El titular de Interior realizó estas
afirmaciones en el curso de San
Lorenzo de El Escorial 'Desafíos
sociales y tecnológicos del terrorismo:
de ETA a Al Qaeda', en el que llamó
a no confundir el ejercicio de la
libertad de culto de los musulmanes
con el "aprovechamiento ilícito"
del mismo. "Una cosa son las
comunidades musulmanas y otra, los
terroristas", zanjó.
Diariocrítico
En su exposición, Alonso explicó
que el nuevo terrorismo internacional
es "global" y que lo dirigen
y perpetran "individuos fanatizados",
adoctrinados en una obediencia fundamentalista
del credo musulmán. Remarcó que
aunque Al Qaeda es el núcleo, a
ella se añaden organizaciones armadas
del mundo árabe y una constelación
de grupos constituidos por efecto
de emulación, lo que, dijo, debe
causar "preocupación". "Está
entre los principales problemas
de la humanidad", precisó.
Destacó que España afronta un doble
desafío: el de ETA y el del terrorismo
internacional. Respecto al primero,
aseguró que la banda es una organización
"en decadencia como resultado
de la consolidación de la democracia
española"; de la eficacia policial
y de jueces y de fiscales; de la
respuesta de la sociedad; y de la
colaboración internacional, particularmente,
de la cooperación con Francia, a
cuyas autoridades felicitó por su
ayuda.
Alonso expuso que la banda armada
es capaz todavía de violar los derechos
fundamentales y de menoscabar libertades,
aunque consideró que el terrorismo
de ETA "ha fracasado en sus propósitos
políticos". A ello sumó el terrorismo
internacional, recordando los atentados
del 11-M y los suicidios de los
terroristas en Leganés. En relación
con ello, recordó que la lucha contra
el terrorismo es la "prioridad"
del Gobierno y de Interior.
Desafíos
Alonso manifestó que el Pacto por
las Libertades fue elaborado en
su día en respuesta a los desafíos
del terrorismo de ETA. "Respecto
del nuevo terrorismo internacional,
islamista, deben seguir siendo válidos
preceptos como los que reclaman
un consenso básico entre los partidos
democráticos en materia de política
antiterrorista, así como el principio
según el cual en ningún caso se
debe ceder al chantaje de las organizaciones
terroristas y por supuesto tampoco
al del terrorismo internacional",
indicó. A su juicio, es "razonable"
que el Acuerdo por las Libertades
y contra el Terrorismo "sea adaptado
a los nuevos desafíos terroristas".
"Debemos pensar muy seriamente en
esa posibilidad", apostilló.
Mientras tanto, Alonso explicó que
Interior ha tomado una serie de
iniciativas novedosas que constituyen
un "impuso decisivo" en la
lucha contra el terrorismo internacional.

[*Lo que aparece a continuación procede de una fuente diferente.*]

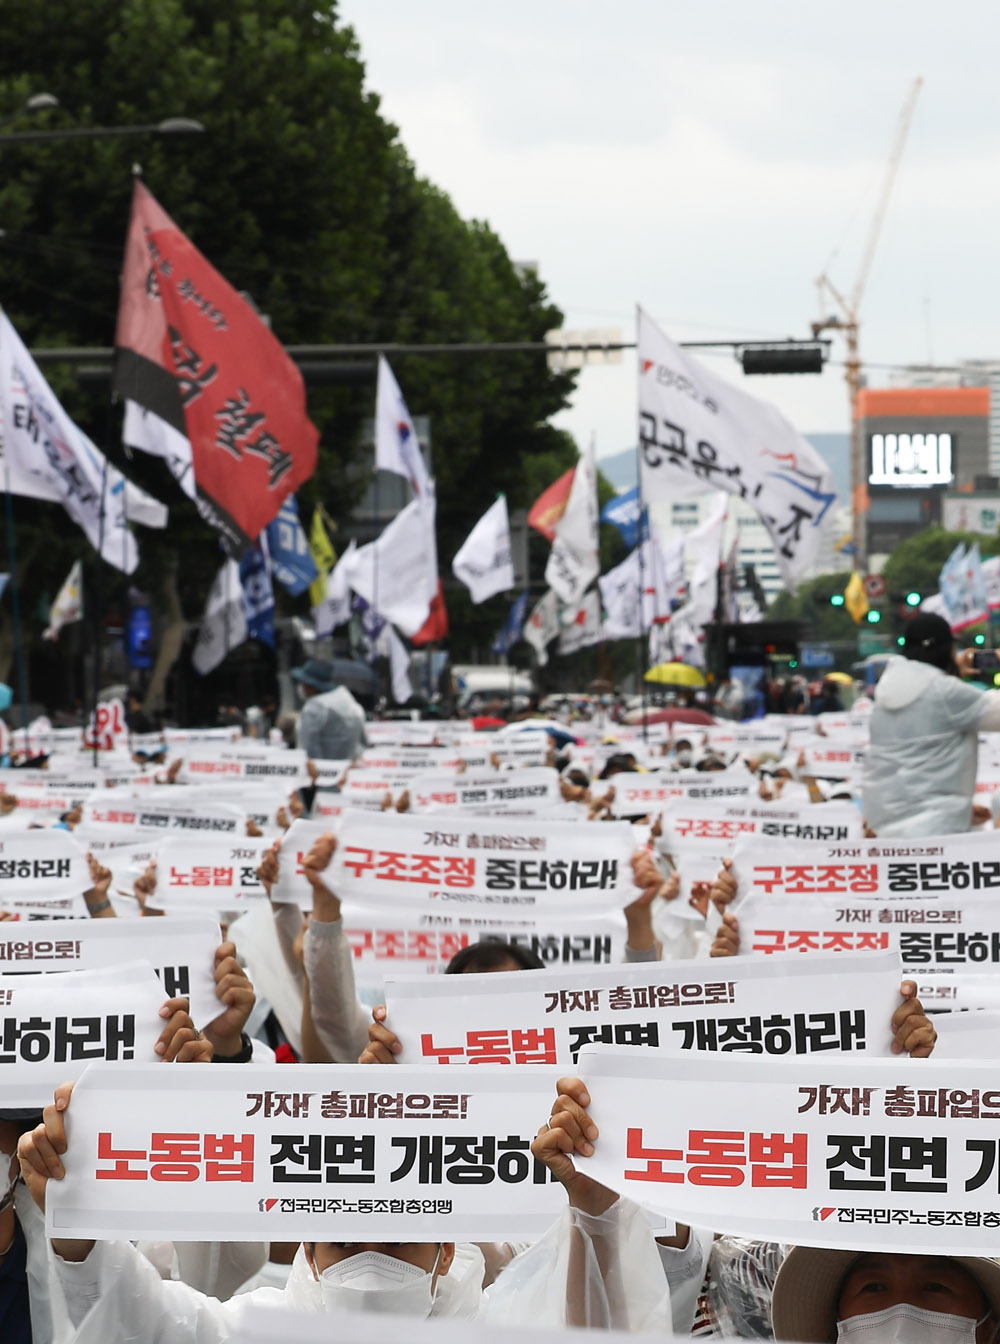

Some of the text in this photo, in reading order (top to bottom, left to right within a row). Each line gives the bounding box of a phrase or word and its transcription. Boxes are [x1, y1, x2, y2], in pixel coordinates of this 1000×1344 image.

[91, 809, 137, 825] 노동법
[139, 814, 169, 828] 전면
[423, 831, 547, 851] 가자! 총파업으로!
[169, 865, 261, 887] 노동법 전
[343, 846, 618, 890] 구조조정 중단하라!
[753, 863, 879, 893] 구조조정
[835, 908, 962, 924] 가자! 총파업으로!
[344, 927, 469, 961] 구조조정
[544, 980, 738, 1014] 가자! 총파업으로!
[420, 1027, 558, 1064] 노동법
[671, 1009, 867, 1055] 개정하라!
[246, 1090, 473, 1120] 가자! 총파업으로!
[797, 1085, 878, 1117] 가자!
[95, 1131, 558, 1185] 노동법 전면 개정하
[624, 1127, 809, 1190] 노동법
[825, 1134, 949, 1194] 전면
[279, 1197, 455, 1216] 전국민주노동조합총연맹

Así, recordó que se van a reforzar
los servicios de información y policiales
con la incorporación de 300 agentes,
con traductores, para la Policía
y la Guardia Civil a partes iguales.
A ello añadió la creación del Centro
Nacional de Coordinación Antiterrorista
(CNCA) en el que se inscribirán
18 efectivos de la Policía Nacional,
otros tantos de la Guardia Civil
y cinco del Centro Nacional de Inteligencia.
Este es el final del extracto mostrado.